WORK TO COMPLETE >>
From the line that contains "this 1200×1600 image." down to the final line of the listing below, set down every line exactly, both ends included, and drop the pictures.

GIVEN DATA >>
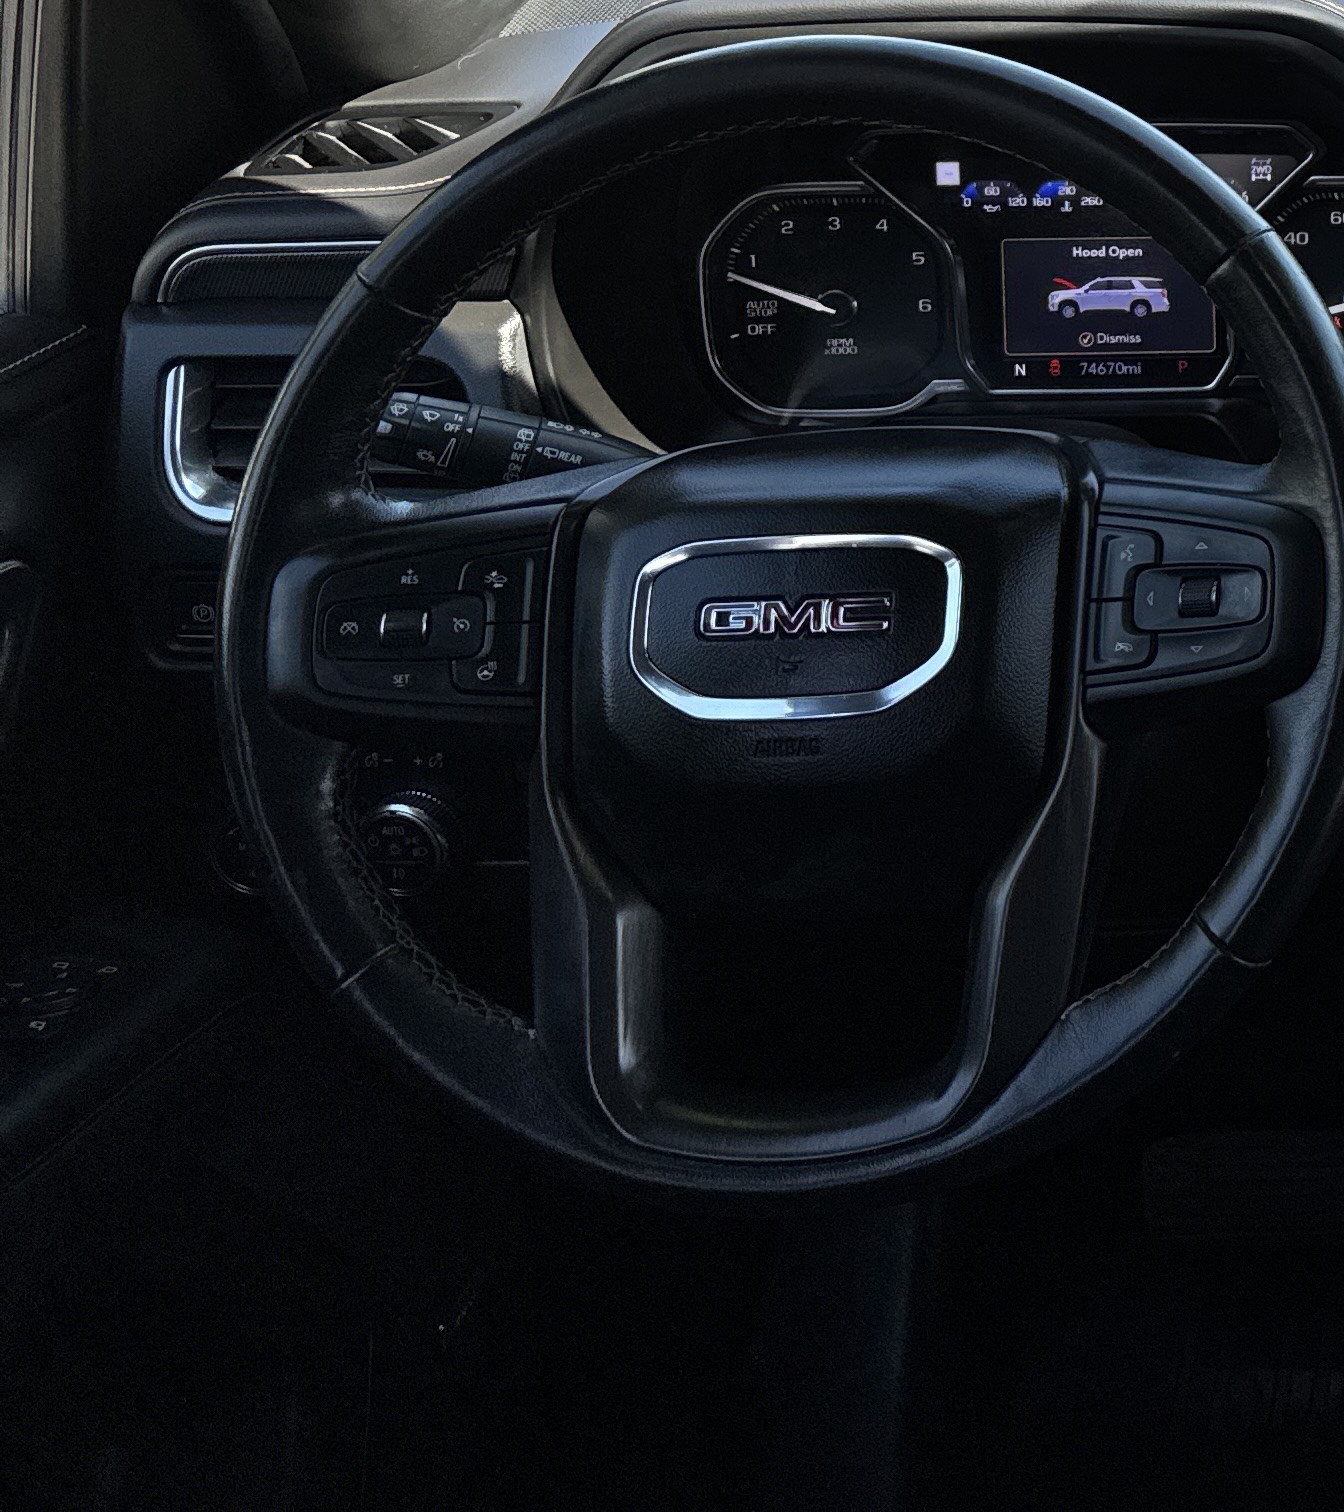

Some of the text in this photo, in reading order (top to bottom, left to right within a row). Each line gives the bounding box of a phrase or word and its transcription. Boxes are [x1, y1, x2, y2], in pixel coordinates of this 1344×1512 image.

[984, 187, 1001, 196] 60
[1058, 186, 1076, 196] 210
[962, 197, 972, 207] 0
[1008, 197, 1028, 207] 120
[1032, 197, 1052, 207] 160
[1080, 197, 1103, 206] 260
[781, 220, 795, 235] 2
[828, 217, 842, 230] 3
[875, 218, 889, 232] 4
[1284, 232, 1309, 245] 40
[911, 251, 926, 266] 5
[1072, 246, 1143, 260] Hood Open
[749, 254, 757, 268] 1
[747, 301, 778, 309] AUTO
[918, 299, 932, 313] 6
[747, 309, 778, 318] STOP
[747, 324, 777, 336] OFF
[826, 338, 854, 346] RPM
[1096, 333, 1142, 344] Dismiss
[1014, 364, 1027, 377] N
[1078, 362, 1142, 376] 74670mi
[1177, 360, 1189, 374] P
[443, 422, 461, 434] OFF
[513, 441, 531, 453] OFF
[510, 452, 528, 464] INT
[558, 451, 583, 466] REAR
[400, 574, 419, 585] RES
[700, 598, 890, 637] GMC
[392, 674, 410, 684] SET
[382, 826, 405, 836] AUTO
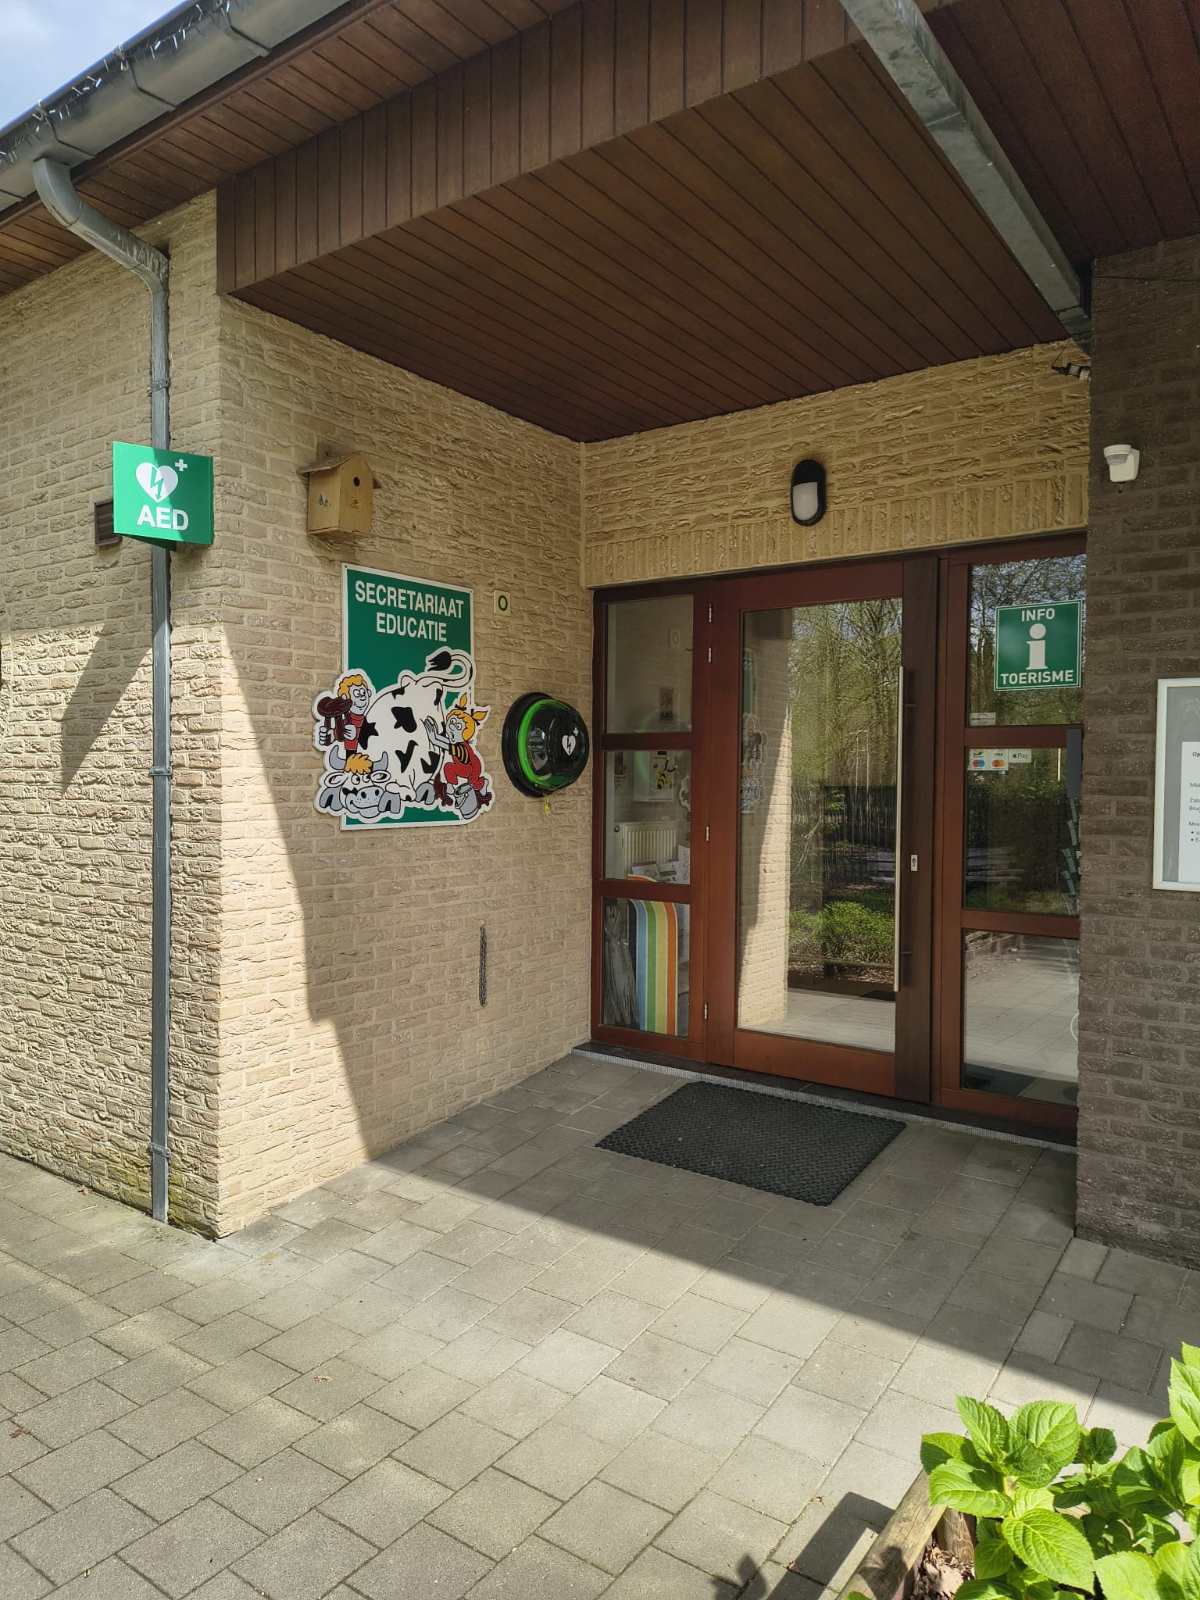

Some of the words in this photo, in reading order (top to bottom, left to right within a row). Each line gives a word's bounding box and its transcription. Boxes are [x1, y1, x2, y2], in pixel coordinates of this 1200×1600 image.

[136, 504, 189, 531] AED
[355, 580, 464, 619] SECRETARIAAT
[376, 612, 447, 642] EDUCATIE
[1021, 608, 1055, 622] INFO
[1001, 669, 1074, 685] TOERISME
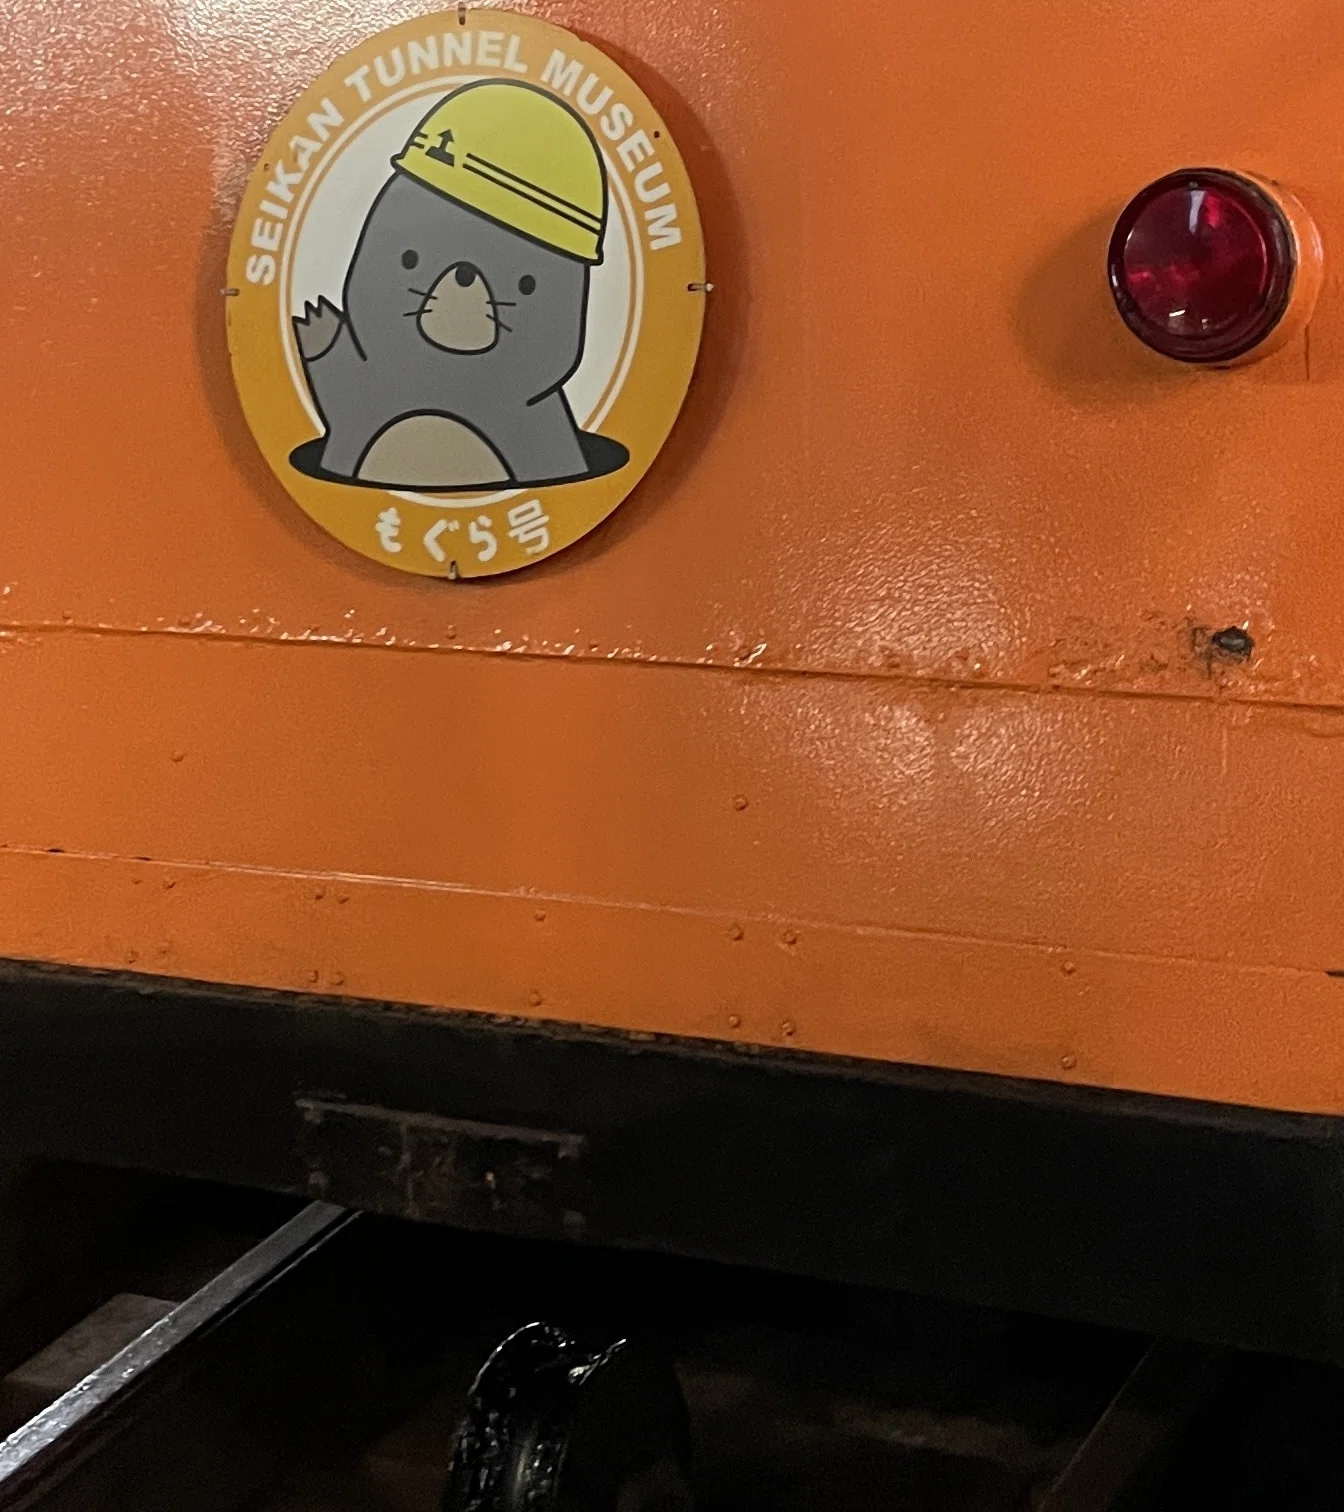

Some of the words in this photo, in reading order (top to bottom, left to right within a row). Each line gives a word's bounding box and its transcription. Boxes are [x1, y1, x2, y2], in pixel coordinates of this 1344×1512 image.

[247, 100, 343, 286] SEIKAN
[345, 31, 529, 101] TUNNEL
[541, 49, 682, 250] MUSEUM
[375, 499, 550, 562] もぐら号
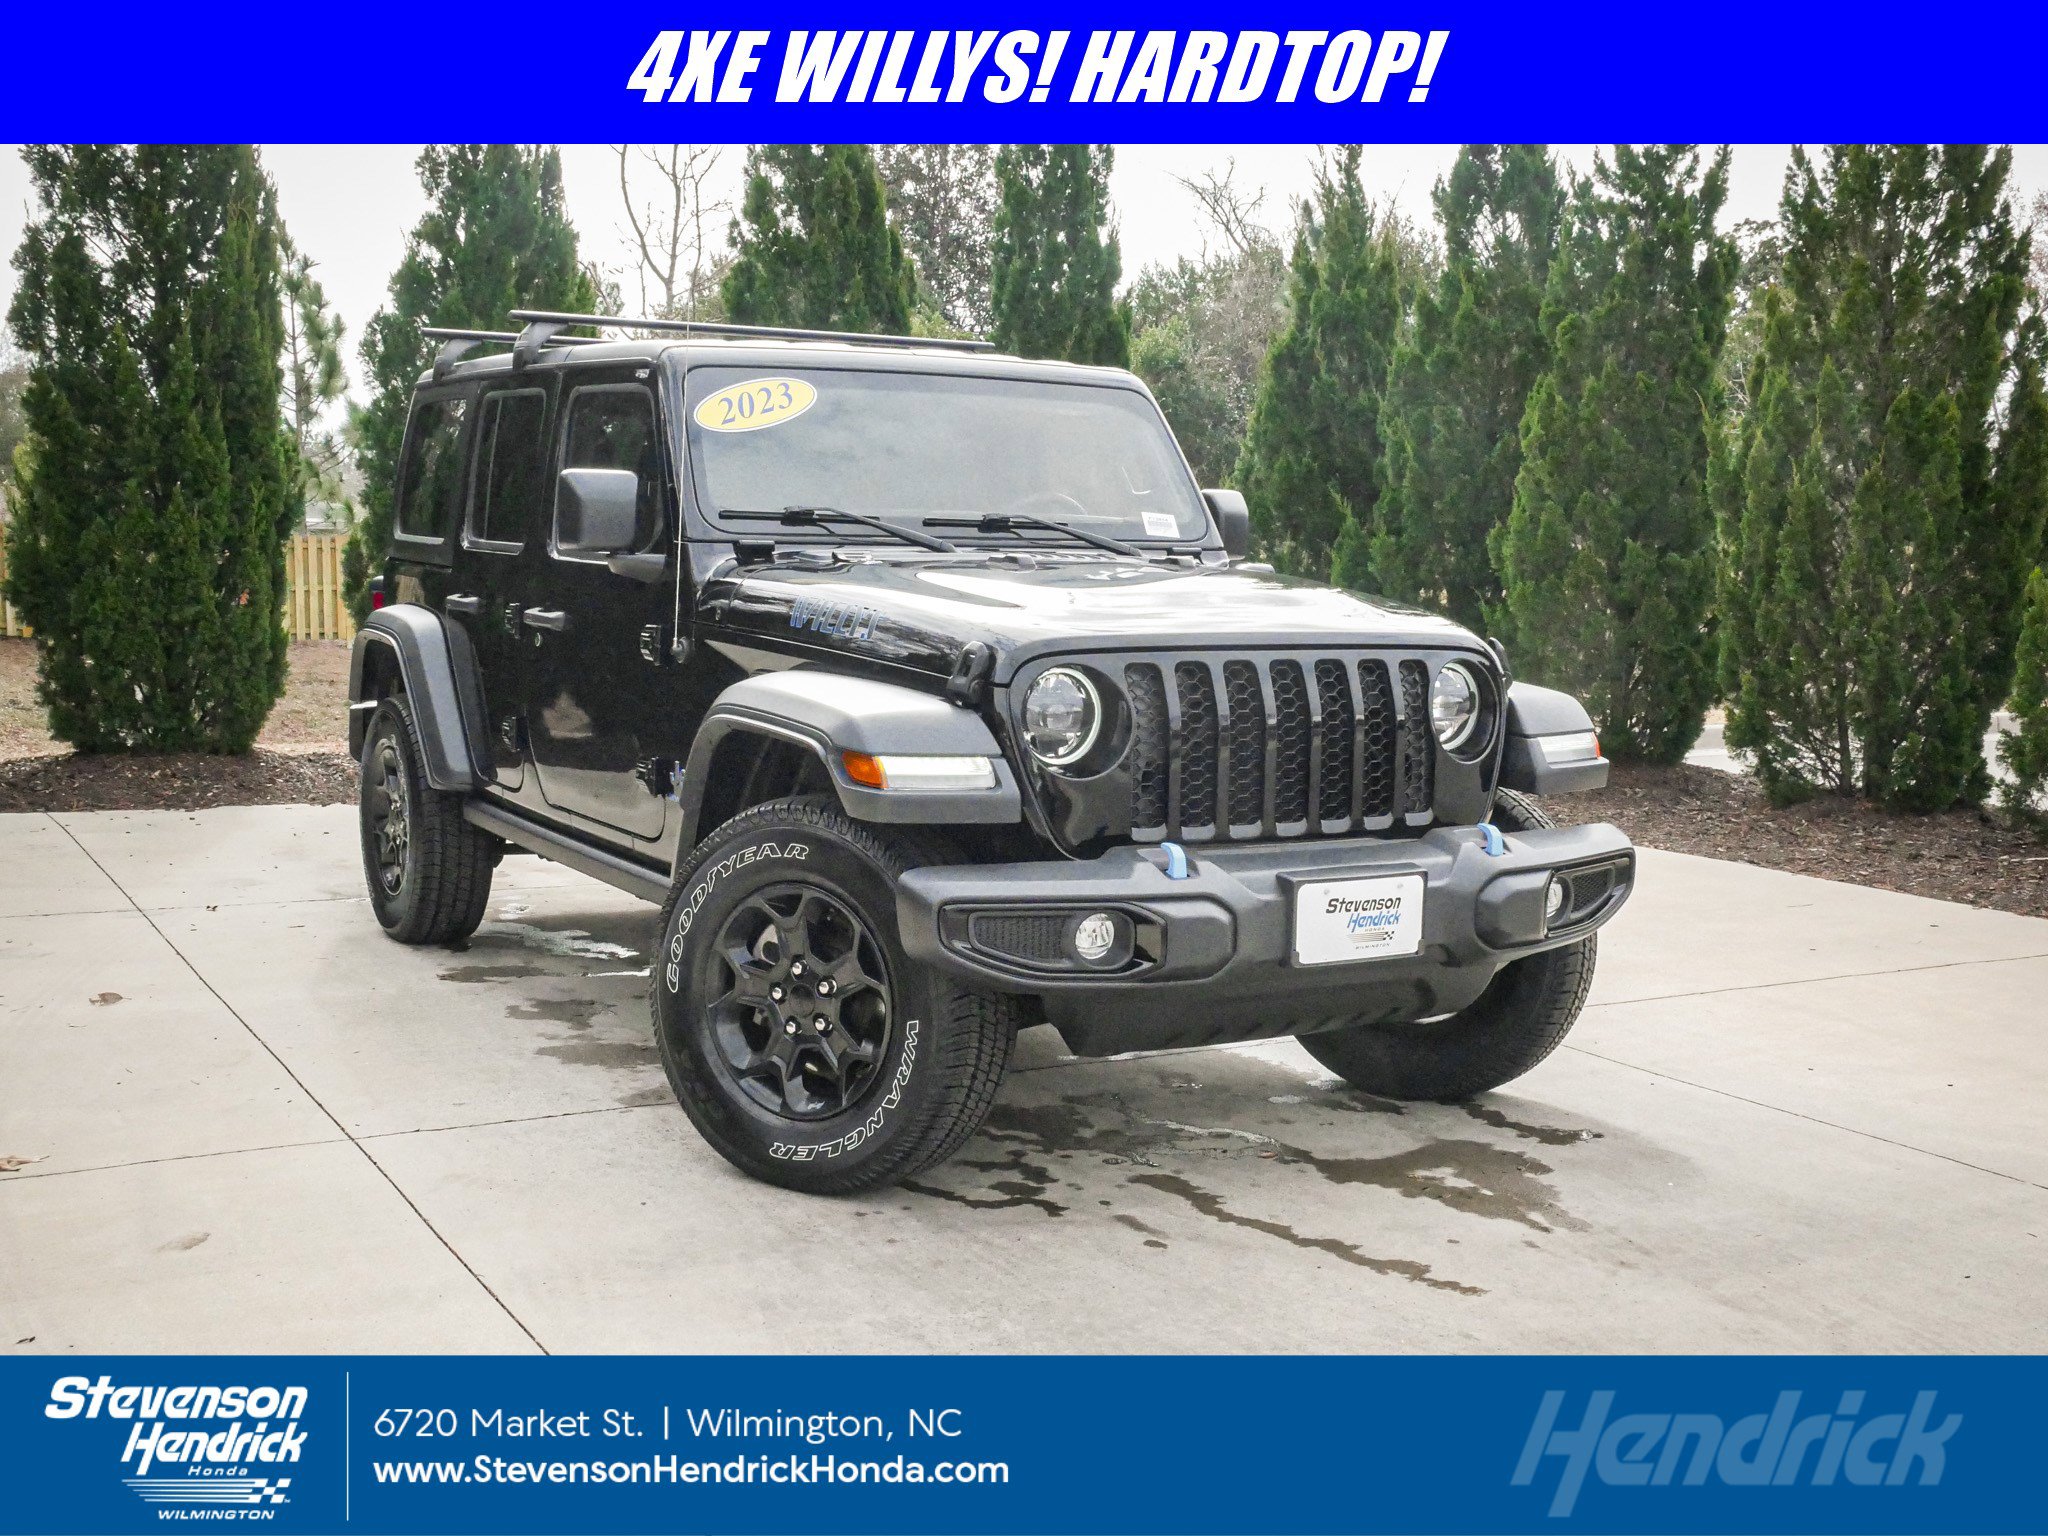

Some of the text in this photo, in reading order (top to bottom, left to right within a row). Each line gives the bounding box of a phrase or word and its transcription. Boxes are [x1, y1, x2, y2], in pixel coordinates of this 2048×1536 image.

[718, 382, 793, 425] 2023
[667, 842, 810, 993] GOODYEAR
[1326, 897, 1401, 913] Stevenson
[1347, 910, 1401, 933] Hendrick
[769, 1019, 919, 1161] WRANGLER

RESULT OF THIS EXERCISE >>
Some of the words in this photo, in reading order (top to bottom, left to right within a row). Each line gives a word's bounding box and its transcription. Boxes are [x1, y1, x2, y2], in pixel coordinates of this 1200×1600 image.

[136, 504, 189, 531] AED
[355, 580, 464, 619] SECRETARIAAT
[376, 612, 447, 642] EDUCATIE
[1021, 608, 1055, 622] INFO
[1001, 669, 1074, 685] TOERISME

Some of the words in this photo, in reading order (top to bottom, left to right within a row). Each line gives a word's bounding box and its transcription. Boxes are [x1, y1, x2, y2], in pixel coordinates of this 1344×1512 image.

[247, 100, 343, 286] SEIKAN
[345, 31, 529, 101] TUNNEL
[541, 49, 682, 250] MUSEUM
[375, 499, 550, 562] もぐら号

Some of the text in this photo, in reading order (top to bottom, left to right within a row). Each line gives the bounding box of a phrase or word and its transcription. Boxes are [x1, y1, x2, y2], in pixel coordinates of this 2048×1536 image.

[718, 382, 793, 425] 2023
[667, 842, 810, 993] GOODYEAR
[1326, 897, 1401, 913] Stevenson
[1347, 910, 1401, 933] Hendrick
[769, 1019, 919, 1161] WRANGLER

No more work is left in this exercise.